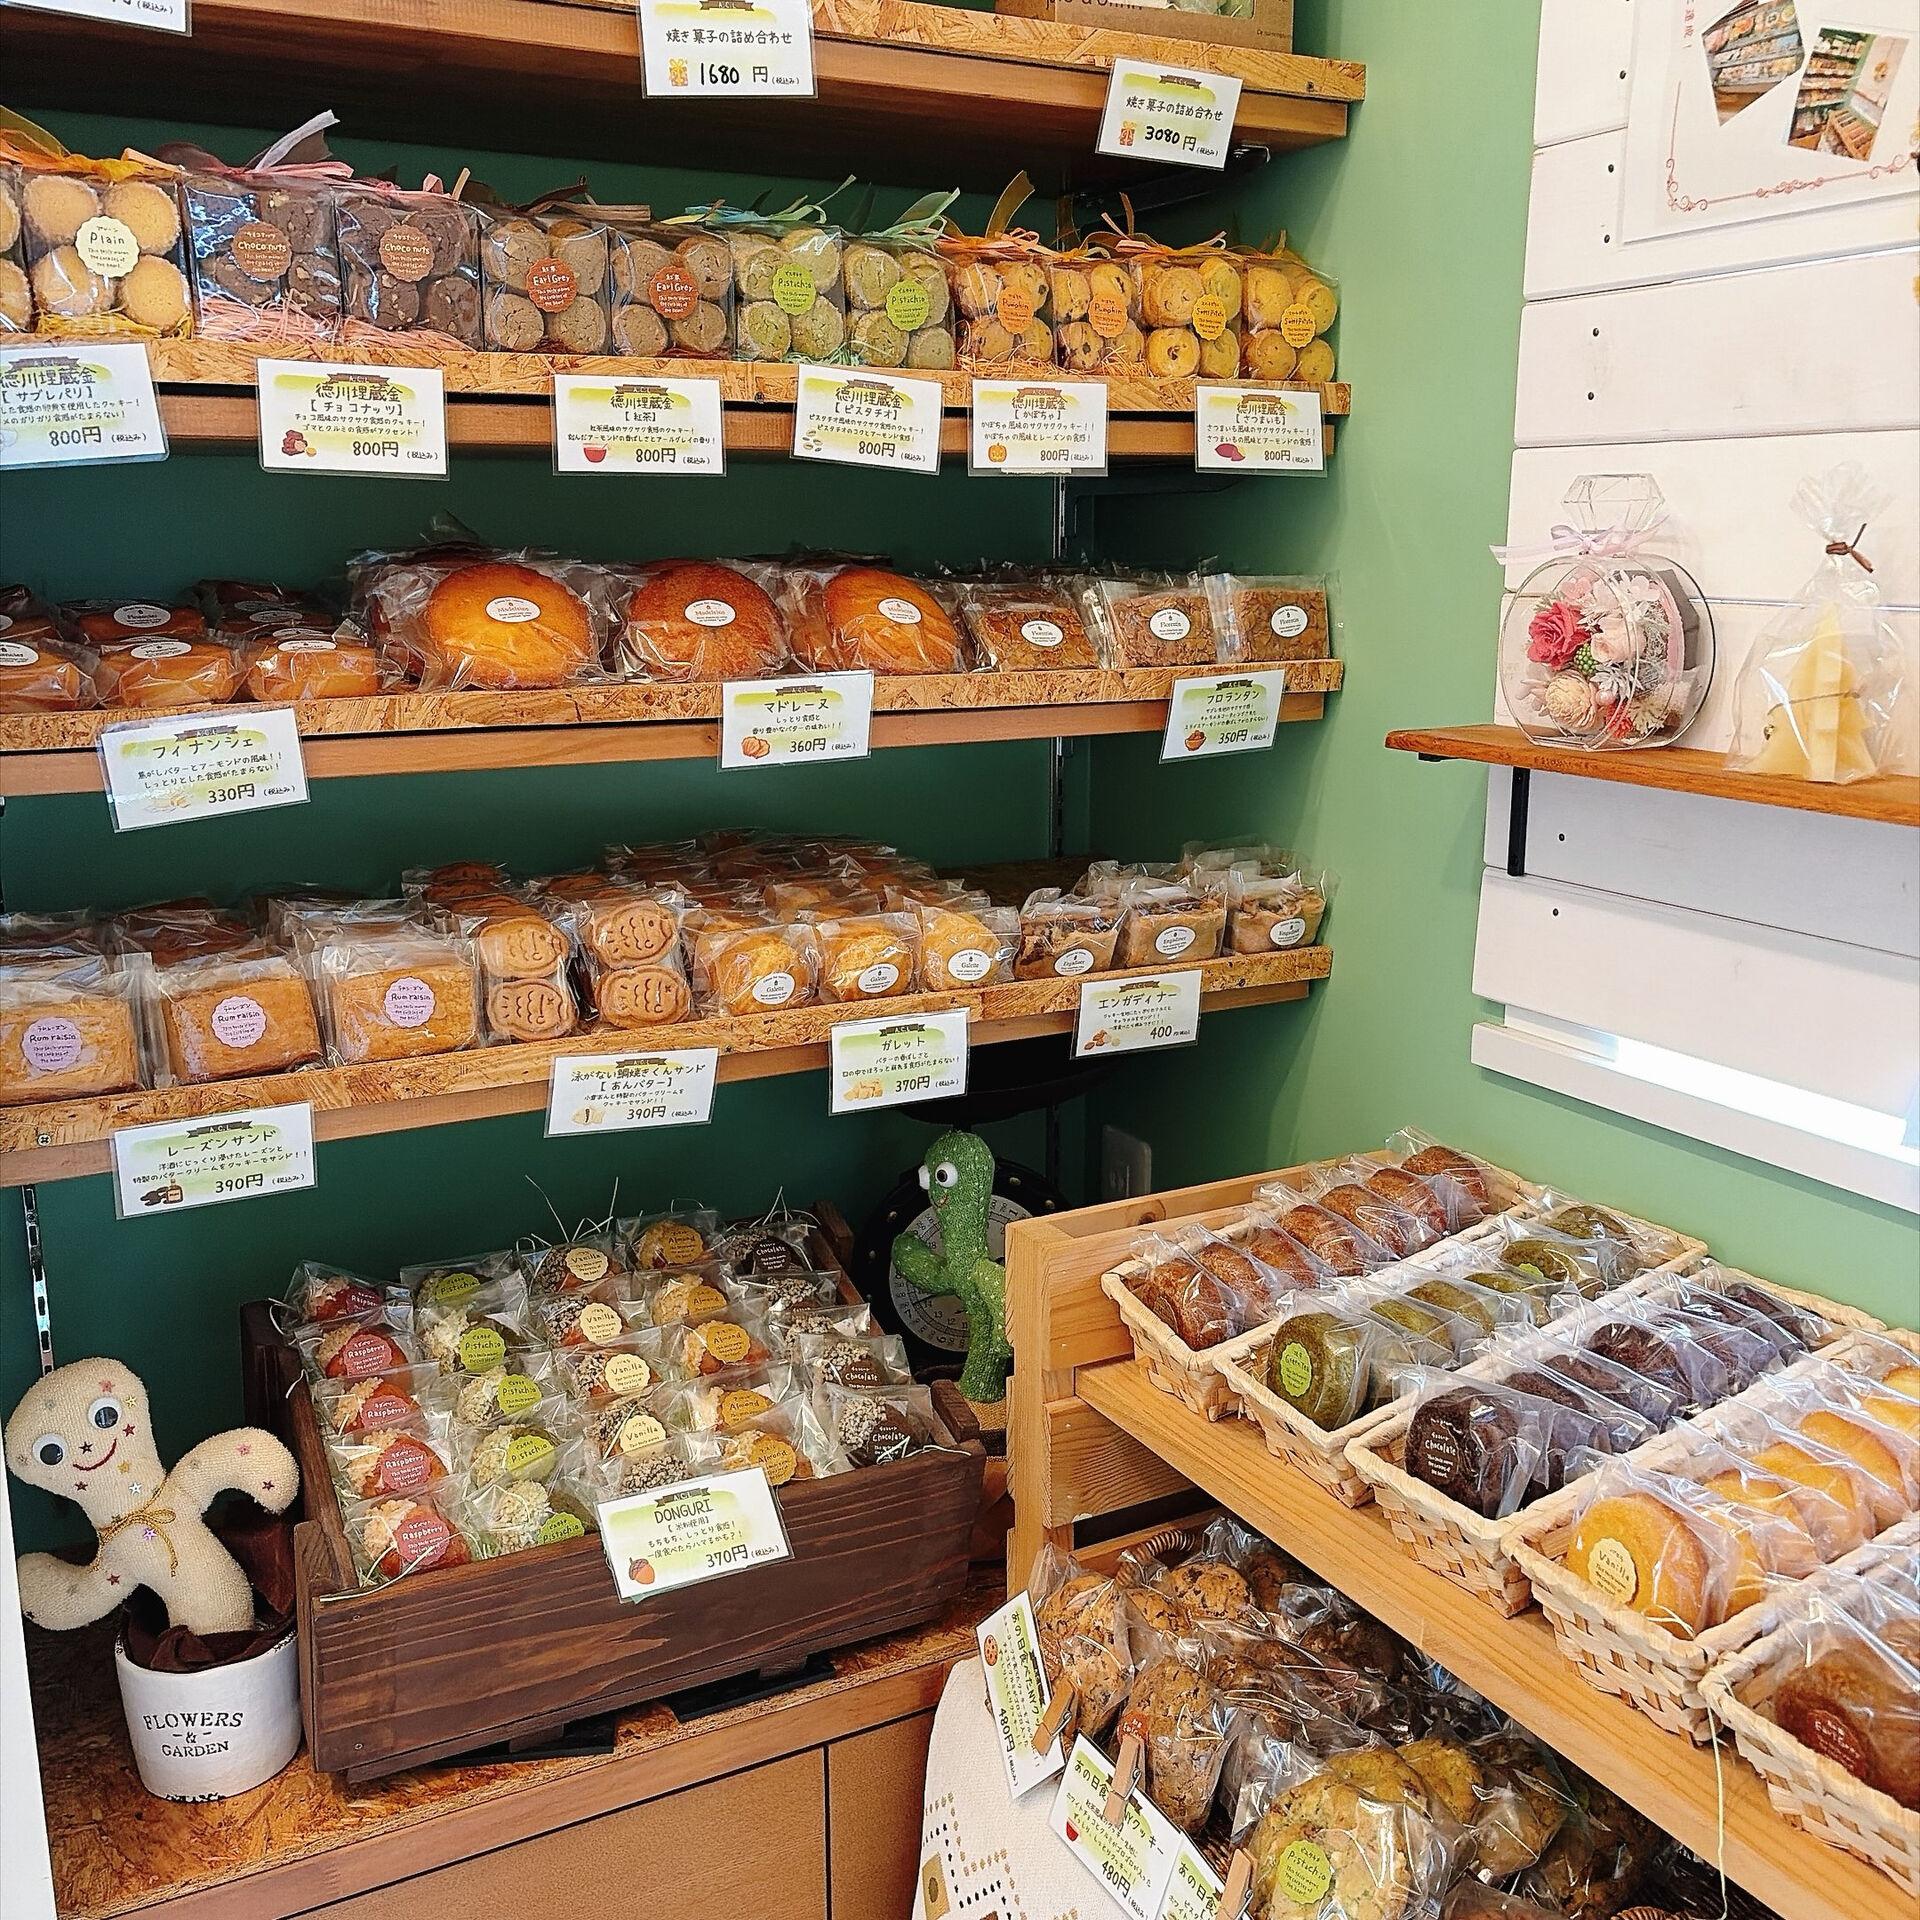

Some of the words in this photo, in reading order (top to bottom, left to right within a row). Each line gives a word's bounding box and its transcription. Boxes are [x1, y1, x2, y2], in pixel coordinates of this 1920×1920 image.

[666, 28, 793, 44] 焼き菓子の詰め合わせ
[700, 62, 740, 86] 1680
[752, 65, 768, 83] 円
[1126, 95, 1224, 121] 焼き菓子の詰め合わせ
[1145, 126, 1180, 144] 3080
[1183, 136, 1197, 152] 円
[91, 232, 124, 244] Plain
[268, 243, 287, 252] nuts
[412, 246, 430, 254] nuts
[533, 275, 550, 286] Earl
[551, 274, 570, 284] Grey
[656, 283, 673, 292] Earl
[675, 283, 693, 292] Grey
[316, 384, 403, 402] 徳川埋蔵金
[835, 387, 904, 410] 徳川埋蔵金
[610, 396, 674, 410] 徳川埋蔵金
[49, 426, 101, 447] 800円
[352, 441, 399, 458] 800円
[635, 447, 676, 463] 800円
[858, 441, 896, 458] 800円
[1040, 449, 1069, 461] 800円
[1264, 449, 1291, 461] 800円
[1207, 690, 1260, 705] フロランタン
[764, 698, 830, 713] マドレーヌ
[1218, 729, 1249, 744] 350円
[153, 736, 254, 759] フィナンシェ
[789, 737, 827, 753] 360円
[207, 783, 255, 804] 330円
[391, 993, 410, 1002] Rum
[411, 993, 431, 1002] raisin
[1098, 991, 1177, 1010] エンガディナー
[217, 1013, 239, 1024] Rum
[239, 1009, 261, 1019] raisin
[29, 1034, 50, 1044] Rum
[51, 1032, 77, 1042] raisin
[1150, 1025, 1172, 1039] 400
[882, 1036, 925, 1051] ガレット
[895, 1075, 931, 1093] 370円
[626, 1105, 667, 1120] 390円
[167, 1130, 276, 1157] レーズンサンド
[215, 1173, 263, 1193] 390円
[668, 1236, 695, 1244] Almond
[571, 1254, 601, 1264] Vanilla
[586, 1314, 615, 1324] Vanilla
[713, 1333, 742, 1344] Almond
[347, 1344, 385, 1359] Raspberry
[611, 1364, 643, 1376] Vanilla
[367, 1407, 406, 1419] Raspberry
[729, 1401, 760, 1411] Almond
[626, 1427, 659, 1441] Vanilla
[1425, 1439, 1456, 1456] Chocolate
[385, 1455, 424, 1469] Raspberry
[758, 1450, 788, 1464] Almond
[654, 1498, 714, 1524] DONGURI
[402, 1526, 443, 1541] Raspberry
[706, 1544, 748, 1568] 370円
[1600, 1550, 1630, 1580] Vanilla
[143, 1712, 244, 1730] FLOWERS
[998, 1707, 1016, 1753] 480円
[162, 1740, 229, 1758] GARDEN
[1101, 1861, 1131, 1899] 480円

§ Task goal:
Reproduce every record in full. Leave out the images.

§ Final answer:
Some of the words in this photo, in reading order (top to bottom, left to right within a row). Each line gives a word's bounding box and its transcription. Boxes are [x1, y1, x2, y2], in pixel coordinates of this 1920×1920 image.

[666, 28, 793, 44] 焼き菓子の詰め合わせ
[700, 62, 740, 86] 1680
[752, 65, 768, 83] 円
[1126, 95, 1224, 121] 焼き菓子の詰め合わせ
[1145, 126, 1180, 144] 3080
[1183, 136, 1197, 152] 円
[91, 232, 124, 244] Plain
[268, 243, 287, 252] nuts
[412, 246, 430, 254] nuts
[533, 275, 550, 286] Earl
[551, 274, 570, 284] Grey
[656, 283, 673, 292] Earl
[675, 283, 693, 292] Grey
[316, 384, 403, 402] 徳川埋蔵金
[835, 387, 904, 410] 徳川埋蔵金
[610, 396, 674, 410] 徳川埋蔵金
[49, 426, 101, 447] 800円
[352, 441, 399, 458] 800円
[635, 447, 676, 463] 800円
[858, 441, 896, 458] 800円
[1040, 449, 1069, 461] 800円
[1264, 449, 1291, 461] 800円
[1207, 690, 1260, 705] フロランタン
[764, 698, 830, 713] マドレーヌ
[1218, 729, 1249, 744] 350円
[153, 736, 254, 759] フィナンシェ
[789, 737, 827, 753] 360円
[207, 783, 255, 804] 330円
[391, 993, 410, 1002] Rum
[411, 993, 431, 1002] raisin
[1098, 991, 1177, 1010] エンガディナー
[217, 1013, 239, 1024] Rum
[239, 1009, 261, 1019] raisin
[29, 1034, 50, 1044] Rum
[51, 1032, 77, 1042] raisin
[1150, 1025, 1172, 1039] 400
[882, 1036, 925, 1051] ガレット
[895, 1075, 931, 1093] 370円
[626, 1105, 667, 1120] 390円
[167, 1130, 276, 1157] レーズンサンド
[215, 1173, 263, 1193] 390円
[668, 1236, 695, 1244] Almond
[571, 1254, 601, 1264] Vanilla
[586, 1314, 615, 1324] Vanilla
[713, 1333, 742, 1344] Almond
[347, 1344, 385, 1359] Raspberry
[611, 1364, 643, 1376] Vanilla
[367, 1407, 406, 1419] Raspberry
[729, 1401, 760, 1411] Almond
[626, 1427, 659, 1441] Vanilla
[1425, 1439, 1456, 1456] Chocolate
[385, 1455, 424, 1469] Raspberry
[758, 1450, 788, 1464] Almond
[654, 1498, 714, 1524] DONGURI
[402, 1526, 443, 1541] Raspberry
[706, 1544, 748, 1568] 370円
[1600, 1550, 1630, 1580] Vanilla
[143, 1712, 244, 1730] FLOWERS
[998, 1707, 1016, 1753] 480円
[162, 1740, 229, 1758] GARDEN
[1101, 1861, 1131, 1899] 480円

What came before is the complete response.